BRIEF:
Please print each entry below exactly as it stands, but without any pictures.
───── EXTRACTED RECORDS
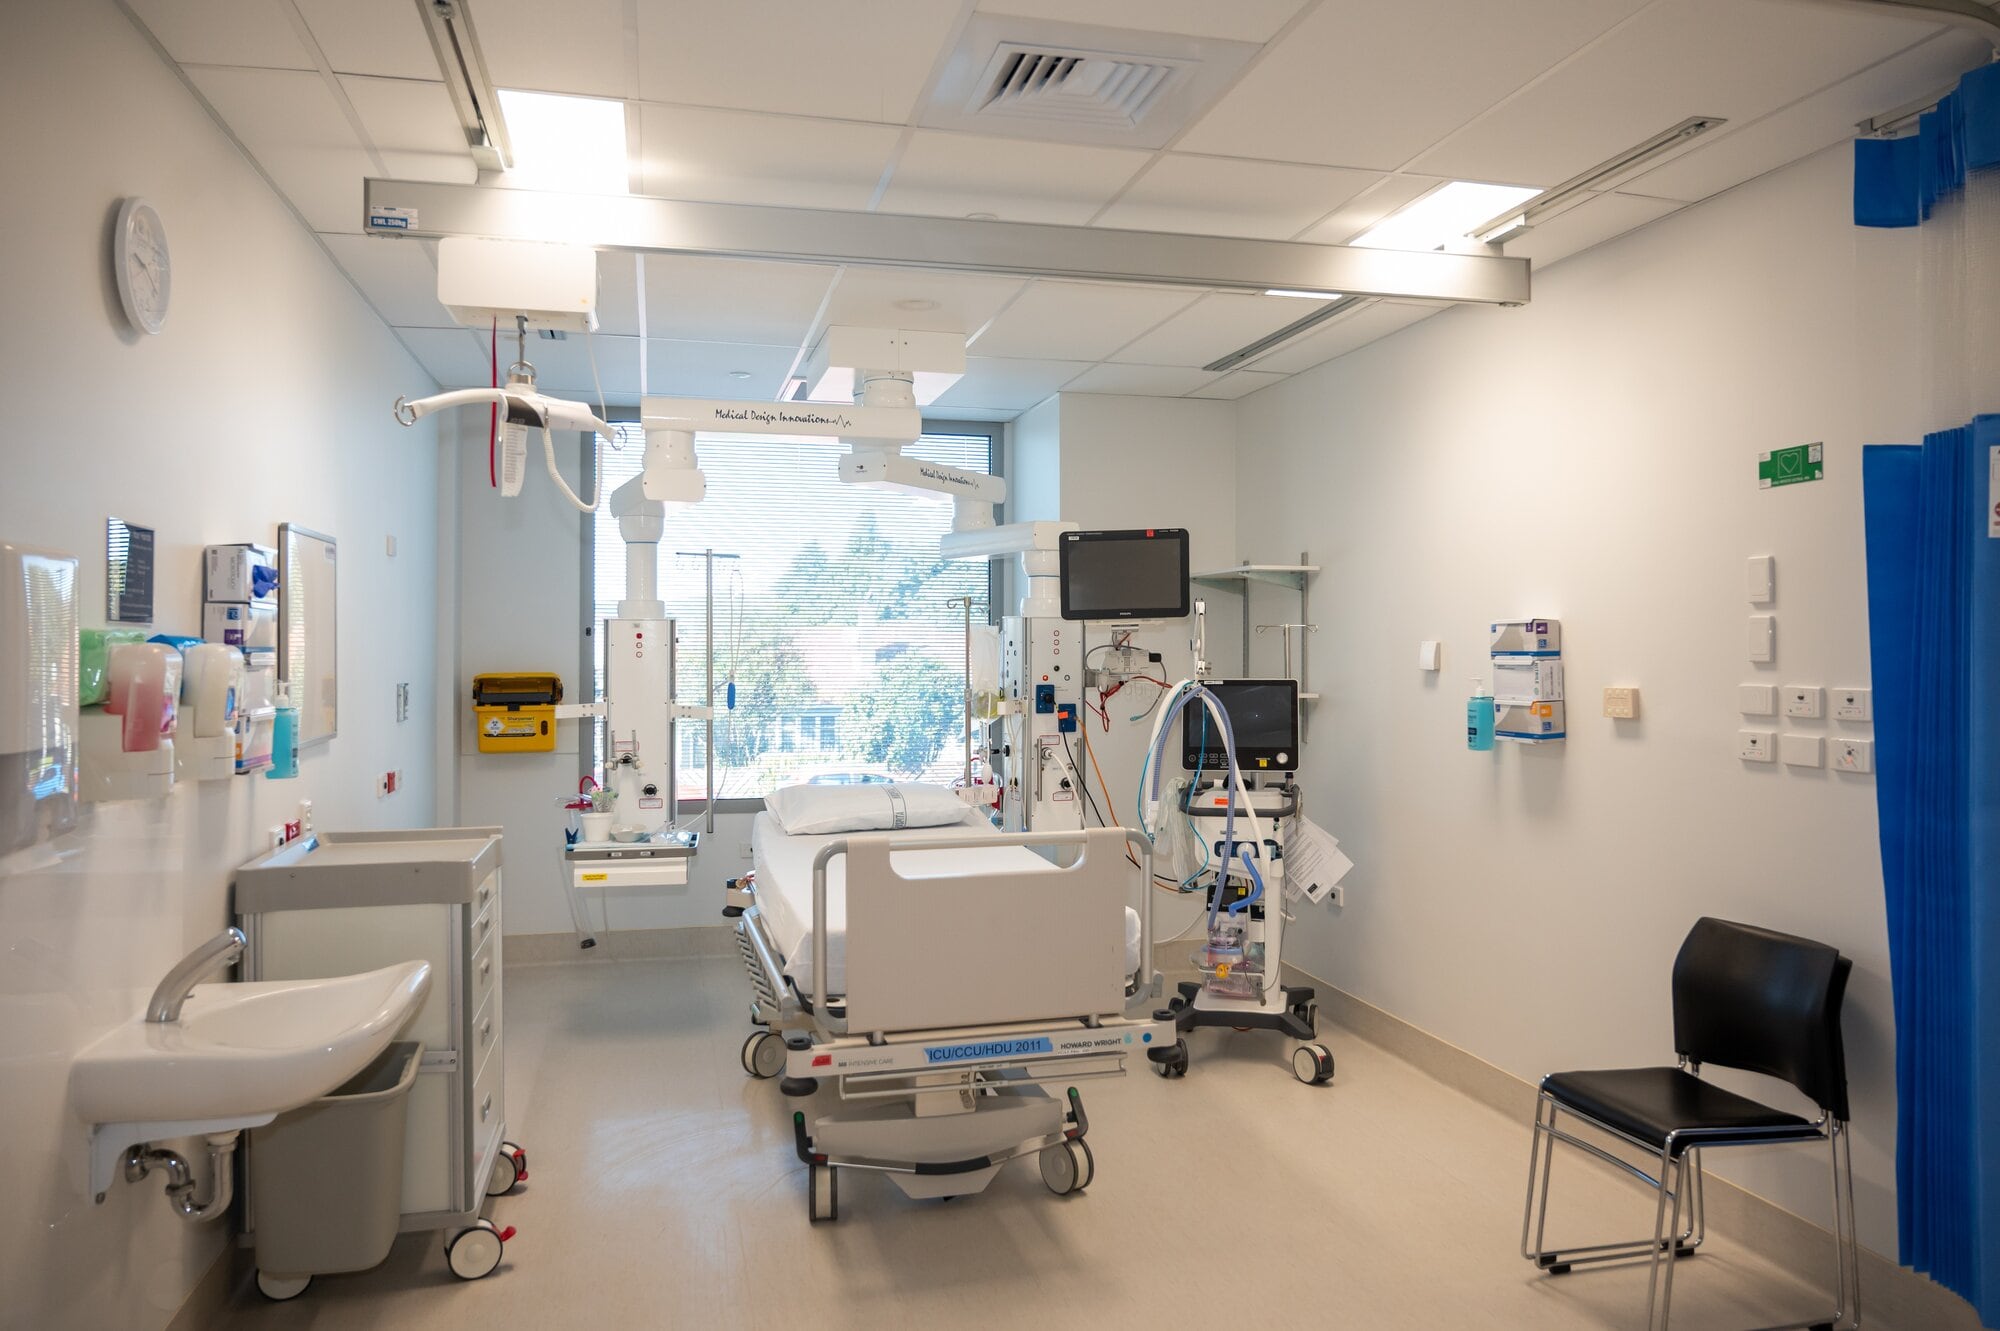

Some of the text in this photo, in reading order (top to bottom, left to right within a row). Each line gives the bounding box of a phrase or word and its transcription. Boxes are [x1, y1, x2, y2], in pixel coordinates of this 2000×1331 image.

[715, 409, 829, 424] Medical Design Innovations
[920, 467, 935, 478] Medical
[929, 1040, 1041, 1060] ICU/CCU/HDU 2011
[1060, 1038, 1122, 1049] HOWARD WRIGHT
──────────
YOUR RESPONSE:
Some of the text in this photo, in reading order (top to bottom, left to right within a row). Each line gives the bounding box of a phrase or word and its transcription. Boxes are [x1, y1, x2, y2], in pixel coordinates of this 2000×1331 image.

[715, 409, 829, 424] Medical Design Innovations
[920, 467, 935, 478] Medical
[929, 1040, 1041, 1060] ICU/CCU/HDU 2011
[1060, 1038, 1122, 1049] HOWARD WRIGHT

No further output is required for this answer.